Book Mozambican Migrant Workers in South Africa

Download or read book Mozambican Migrant Workers in South Africa written by Universidade Eduardo Mondlane. Centro de Estudos Africanos and published by . This book was released on 1988 with total page 42 pages. Available in PDF, EPUB and Kindle. Book excerpt:

Book From Foreign Natives to Native Foreigners  Explaining Xenophobia in Post apartheid South Africa

Download or read book From Foreign Natives to Native Foreigners Explaining Xenophobia in Post apartheid South Africa written by Michael Neocosmos and published by African Books Collective. This book was released on 2010-06-01 with total page 190 pages. Available in PDF, EPUB and Kindle. Book excerpt: The events of May 2008 in which 62 people were killed simply for being foreign and thousands were turned overnight into refugees shook the South African nation. This book is the first to attempt a comprehensive and rigorous explanation for those horrific events. It argues that xenophobia should be understood as a political discourse and practice. As such its historical development as well as the conditions of its existence must be elucidated in terms of the practices and prescriptions which structure the field of politics. In South Africa, the history of xenophobia is intimately connected to the manner in which citizenship has been conceived and fought over during the past fifty years at least. Migrant labour was de-nationalised by the apartheid state, while African nationalism saw the same migrant labour as the foundation of that oppressive system. Only those who could show a family connection with the colonial and apartheid formation of South Africa could claim citizenship at liberation. Others were excluded and seen as unjustified claimants to national resources. Xenophobias conditions of existence, the book argues, are to be found in the politics of post-apartheid nationalism where state prescriptions founded on indigeneity have been allowed to dominate uncontested in conditions of an overwhelmingly passive conception of citizenship. The de-politicisation of an urban population, which had been able to assert its agency during the 1980s through a discourse of human rights in particular, contributed to this passivity. Such state liberal politics have remained largely unchallenged.
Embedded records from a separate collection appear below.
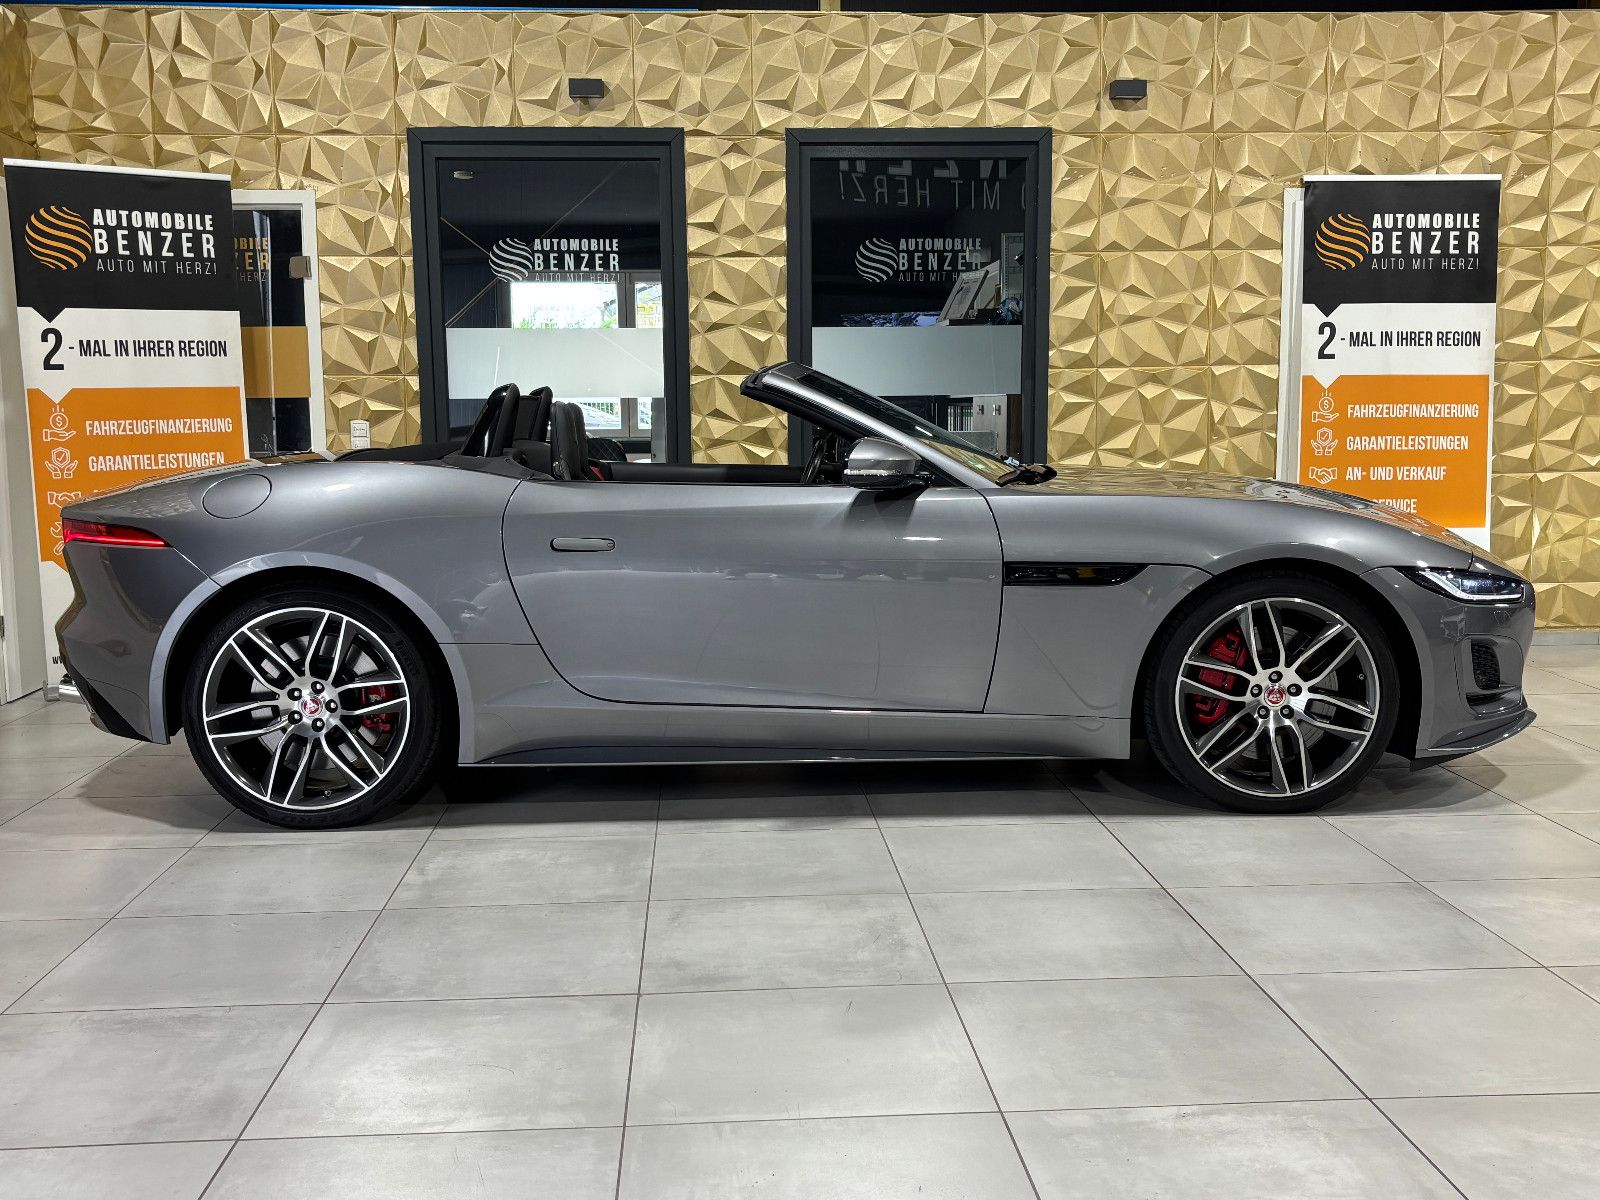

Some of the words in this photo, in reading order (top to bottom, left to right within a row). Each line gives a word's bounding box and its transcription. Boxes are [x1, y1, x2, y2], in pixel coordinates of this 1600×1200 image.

[93, 208, 214, 231] AUTOMOBILE
[1372, 213, 1480, 229] AUTOMOBILE
[93, 228, 216, 259] BENZER
[533, 238, 619, 252] AUTOMOBILE
[899, 237, 982, 251] AUTOMOBILE
[1371, 231, 1480, 255] BENZER
[97, 258, 135, 273] AUTO
[143, 260, 167, 274] MIT
[176, 261, 217, 275] HERZ!
[534, 252, 620, 272] BENZER
[899, 252, 981, 271] BENZER
[1371, 258, 1405, 270] AUTO
[1412, 258, 1434, 270] MIT
[1441, 257, 1480, 270] HERZ!
[535, 272, 561, 283] AUTO
[566, 272, 584, 283] MIT
[899, 272, 925, 282] AUTO
[929, 272, 947, 282] MIT
[40, 327, 65, 371] 2
[78, 339, 112, 358] MAL
[114, 339, 129, 357] IN
[132, 339, 175, 358] IHRER
[178, 340, 228, 358] REGION
[1317, 321, 1337, 360] 2
[1349, 331, 1377, 347] MAL
[1380, 331, 1393, 347] IN
[1396, 331, 1433, 347] IHRER
[1436, 331, 1481, 347] REGION
[1347, 404, 1480, 419] FAHRZEUGFINANZIERUNG
[85, 417, 233, 436] FAHRZEUGFINANZIERUNG
[1346, 436, 1469, 451] GARANTIELEISTUNGEN
[88, 452, 225, 472] GARANTIELEISTUNGEN
[1345, 466, 1367, 481] AN-
[1370, 466, 1393, 480] UND
[1396, 466, 1447, 481] VERKAUF
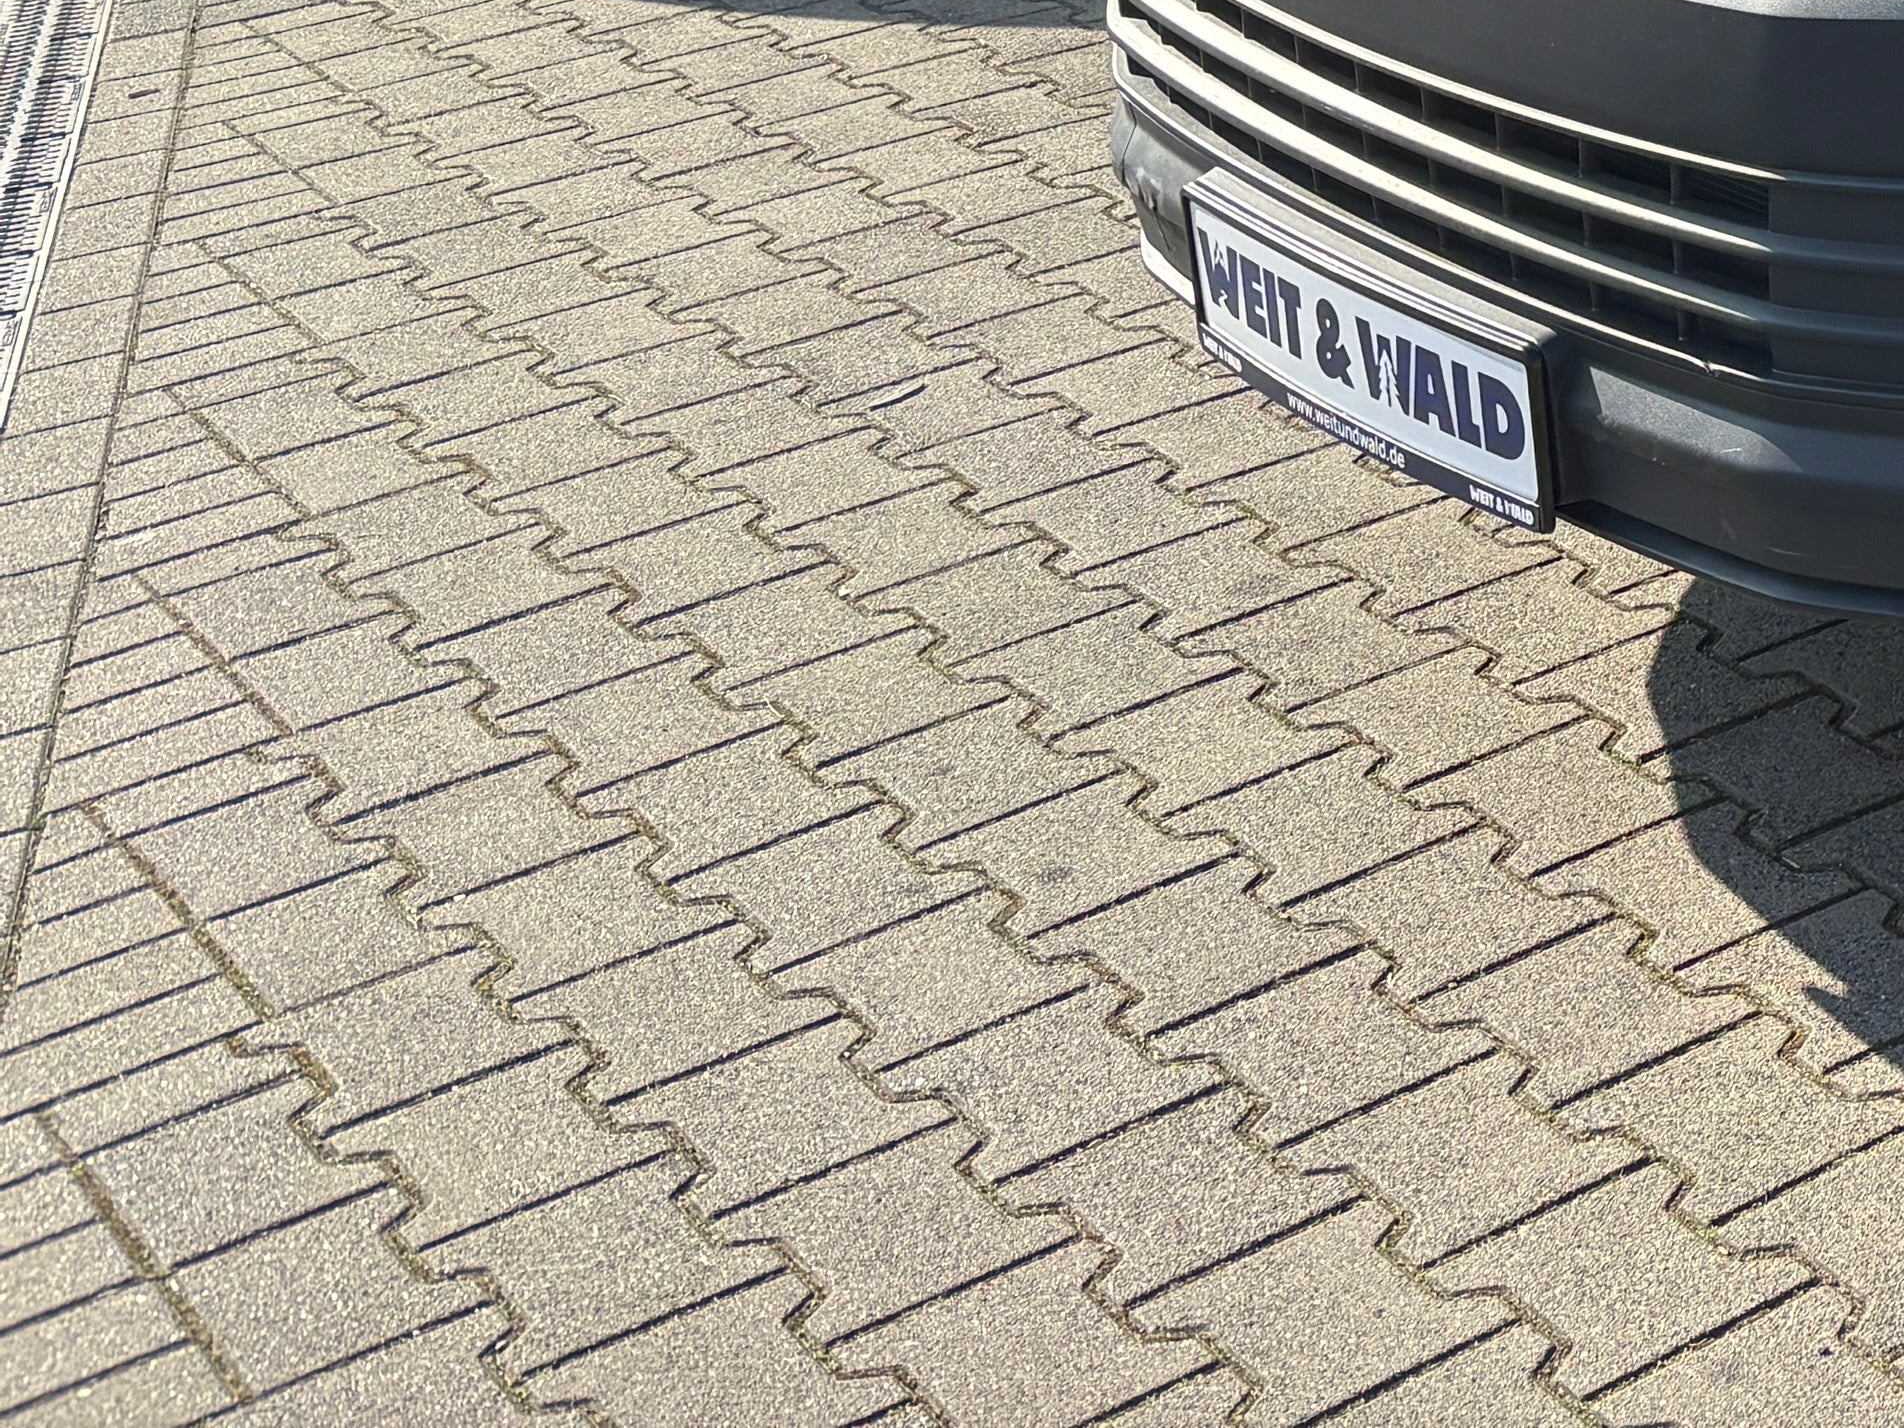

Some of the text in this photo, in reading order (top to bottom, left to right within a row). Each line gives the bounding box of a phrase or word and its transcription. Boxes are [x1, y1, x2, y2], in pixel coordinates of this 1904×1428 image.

[1197, 227, 1525, 460] WEIT & WALD
[1287, 392, 1406, 469] www.weitundwald.de
As in other cases of post-colonial transition in Africa, the hegemony of xenophobic discourse, the book contends, is to be sought in the specific character of the state consensus.

Book How Immigrants Contribute to South Africa s Economy

Download or read book How Immigrants Contribute to South Africa s Economy written by OECD and published by OECD Publishing. This book was released on 2018-07-26 with total page 153 pages. Available in PDF, EPUB and Kindle. Book excerpt: How Immigrants Contribute to South Africa’s Economy is the result of a project carried out by the OECD Development Centre and the International Labour Organization, with support from the European Union.